[WORK REQUIRED] Please output every entry below precisely as written.

Text-to-region grounding data:
------------------------------------------------------------
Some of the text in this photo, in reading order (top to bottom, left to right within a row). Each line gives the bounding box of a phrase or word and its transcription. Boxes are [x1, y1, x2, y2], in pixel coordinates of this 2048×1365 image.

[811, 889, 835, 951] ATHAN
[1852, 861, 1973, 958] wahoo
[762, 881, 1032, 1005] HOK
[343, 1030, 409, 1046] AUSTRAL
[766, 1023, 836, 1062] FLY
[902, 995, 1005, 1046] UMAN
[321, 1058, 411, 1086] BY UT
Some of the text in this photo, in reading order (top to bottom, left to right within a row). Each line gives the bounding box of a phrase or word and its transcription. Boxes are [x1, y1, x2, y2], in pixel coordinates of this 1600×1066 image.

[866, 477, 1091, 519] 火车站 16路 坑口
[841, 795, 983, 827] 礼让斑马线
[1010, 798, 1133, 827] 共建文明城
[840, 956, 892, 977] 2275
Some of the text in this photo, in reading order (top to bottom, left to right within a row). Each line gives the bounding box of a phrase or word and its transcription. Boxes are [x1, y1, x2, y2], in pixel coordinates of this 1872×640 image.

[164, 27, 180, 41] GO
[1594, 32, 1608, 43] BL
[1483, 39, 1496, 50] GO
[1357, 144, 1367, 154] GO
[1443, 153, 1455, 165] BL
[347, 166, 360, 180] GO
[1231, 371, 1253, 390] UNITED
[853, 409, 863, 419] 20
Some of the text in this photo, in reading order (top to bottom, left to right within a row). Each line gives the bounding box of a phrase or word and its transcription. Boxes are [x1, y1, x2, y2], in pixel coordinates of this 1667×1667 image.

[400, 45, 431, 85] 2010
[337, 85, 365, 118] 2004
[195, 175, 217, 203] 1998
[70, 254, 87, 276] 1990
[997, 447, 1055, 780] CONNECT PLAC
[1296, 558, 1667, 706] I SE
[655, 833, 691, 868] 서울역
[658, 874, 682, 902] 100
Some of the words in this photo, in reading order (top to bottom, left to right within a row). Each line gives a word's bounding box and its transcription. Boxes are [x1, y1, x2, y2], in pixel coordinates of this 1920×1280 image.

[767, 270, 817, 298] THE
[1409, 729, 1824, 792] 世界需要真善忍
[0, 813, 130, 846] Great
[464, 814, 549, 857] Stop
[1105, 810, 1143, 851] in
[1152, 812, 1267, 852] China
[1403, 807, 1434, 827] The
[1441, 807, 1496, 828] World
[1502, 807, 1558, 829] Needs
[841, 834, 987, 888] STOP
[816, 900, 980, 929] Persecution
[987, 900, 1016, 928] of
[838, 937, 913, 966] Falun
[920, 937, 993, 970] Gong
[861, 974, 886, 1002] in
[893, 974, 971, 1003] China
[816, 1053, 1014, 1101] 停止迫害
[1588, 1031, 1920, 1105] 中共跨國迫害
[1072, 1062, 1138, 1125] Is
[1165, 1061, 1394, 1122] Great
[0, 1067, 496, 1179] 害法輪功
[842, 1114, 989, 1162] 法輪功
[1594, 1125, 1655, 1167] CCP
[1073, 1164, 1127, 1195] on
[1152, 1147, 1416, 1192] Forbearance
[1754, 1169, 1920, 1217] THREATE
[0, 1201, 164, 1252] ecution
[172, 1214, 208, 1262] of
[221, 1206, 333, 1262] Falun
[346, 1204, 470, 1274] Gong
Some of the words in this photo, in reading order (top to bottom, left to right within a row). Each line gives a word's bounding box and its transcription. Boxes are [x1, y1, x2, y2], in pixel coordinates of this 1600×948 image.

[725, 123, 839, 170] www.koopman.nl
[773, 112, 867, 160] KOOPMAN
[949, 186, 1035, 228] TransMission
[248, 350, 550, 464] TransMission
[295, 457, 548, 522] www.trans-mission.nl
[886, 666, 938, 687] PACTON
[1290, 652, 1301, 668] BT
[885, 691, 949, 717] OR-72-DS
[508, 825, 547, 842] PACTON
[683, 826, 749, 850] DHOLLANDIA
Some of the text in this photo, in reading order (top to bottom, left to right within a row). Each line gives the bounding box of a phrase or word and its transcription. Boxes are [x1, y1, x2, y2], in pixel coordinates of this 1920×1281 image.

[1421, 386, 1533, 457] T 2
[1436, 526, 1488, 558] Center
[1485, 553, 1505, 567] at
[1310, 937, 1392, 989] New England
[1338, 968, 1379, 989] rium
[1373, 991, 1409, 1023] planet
------------------------------------------------------------
[SOLUTION]
Some of the text in this photo, in reading order (top to bottom, left to right within a row). Each line gives the bounding box of a phrase or word and its transcription. Boxes are [x1, y1, x2, y2], in pixel coordinates of this 2048×1365 image.

[811, 889, 835, 951] ATHAN
[1852, 861, 1973, 958] wahoo
[762, 881, 1032, 1005] HOK
[343, 1030, 409, 1046] AUSTRAL
[766, 1023, 836, 1062] FLY
[902, 995, 1005, 1046] UMAN
[321, 1058, 411, 1086] BY UT
Some of the text in this photo, in reading order (top to bottom, left to right within a row). Each line gives the bounding box of a phrase or word and its transcription. Boxes are [x1, y1, x2, y2], in pixel coordinates of this 1600×1066 image.

[866, 477, 1091, 519] 火车站 16路 坑口
[841, 795, 983, 827] 礼让斑马线
[1010, 798, 1133, 827] 共建文明城
[840, 956, 892, 977] 2275
Some of the text in this photo, in reading order (top to bottom, left to right within a row). Each line gives the bounding box of a phrase or word and its transcription. Boxes are [x1, y1, x2, y2], in pixel coordinates of this 1872×640 image.

[164, 27, 180, 41] GO
[1594, 32, 1608, 43] BL
[1483, 39, 1496, 50] GO
[1357, 144, 1367, 154] GO
[1443, 153, 1455, 165] BL
[347, 166, 360, 180] GO
[1231, 371, 1253, 390] UNITED
[853, 409, 863, 419] 20
Some of the text in this photo, in reading order (top to bottom, left to right within a row). Each line gives the bounding box of a phrase or word and its transcription. Boxes are [x1, y1, x2, y2], in pixel coordinates of this 1667×1667 image.

[400, 45, 431, 85] 2010
[337, 85, 365, 118] 2004
[195, 175, 217, 203] 1998
[70, 254, 87, 276] 1990
[997, 447, 1055, 780] CONNECT PLAC
[1296, 558, 1667, 706] I SE
[655, 833, 691, 868] 서울역
[658, 874, 682, 902] 100
Some of the words in this photo, in reading order (top to bottom, left to right within a row). Each line gives a word's bounding box and its transcription. Boxes are [x1, y1, x2, y2], in pixel coordinates of this 1920×1280 image.

[767, 270, 817, 298] THE
[1409, 729, 1824, 792] 世界需要真善忍
[0, 813, 130, 846] Great
[464, 814, 549, 857] Stop
[1105, 810, 1143, 851] in
[1152, 812, 1267, 852] China
[1403, 807, 1434, 827] The
[1441, 807, 1496, 828] World
[1502, 807, 1558, 829] Needs
[841, 834, 987, 888] STOP
[816, 900, 980, 929] Persecution
[987, 900, 1016, 928] of
[838, 937, 913, 966] Falun
[920, 937, 993, 970] Gong
[861, 974, 886, 1002] in
[893, 974, 971, 1003] China
[816, 1053, 1014, 1101] 停止迫害
[1588, 1031, 1920, 1105] 中共跨國迫害
[1072, 1062, 1138, 1125] Is
[1165, 1061, 1394, 1122] Great
[0, 1067, 496, 1179] 害法輪功
[842, 1114, 989, 1162] 法輪功
[1594, 1125, 1655, 1167] CCP
[1073, 1164, 1127, 1195] on
[1152, 1147, 1416, 1192] Forbearance
[1754, 1169, 1920, 1217] THREATE
[0, 1201, 164, 1252] ecution
[172, 1214, 208, 1262] of
[221, 1206, 333, 1262] Falun
[346, 1204, 470, 1274] Gong
Some of the words in this photo, in reading order (top to bottom, left to right within a row). Each line gives a word's bounding box and its transcription. Boxes are [x1, y1, x2, y2], in pixel coordinates of this 1600×948 image.

[725, 123, 839, 170] www.koopman.nl
[773, 112, 867, 160] KOOPMAN
[949, 186, 1035, 228] TransMission
[248, 350, 550, 464] TransMission
[295, 457, 548, 522] www.trans-mission.nl
[886, 666, 938, 687] PACTON
[1290, 652, 1301, 668] BT
[885, 691, 949, 717] OR-72-DS
[508, 825, 547, 842] PACTON
[683, 826, 749, 850] DHOLLANDIA
Some of the text in this photo, in reading order (top to bottom, left to right within a row). Each line gives the bounding box of a phrase or word and its transcription. Boxes are [x1, y1, x2, y2], in pixel coordinates of this 1920×1281 image.

[1421, 386, 1533, 457] T 2
[1436, 526, 1488, 558] Center
[1485, 553, 1505, 567] at
[1310, 937, 1392, 989] New England
[1338, 968, 1379, 989] rium
[1373, 991, 1409, 1023] planet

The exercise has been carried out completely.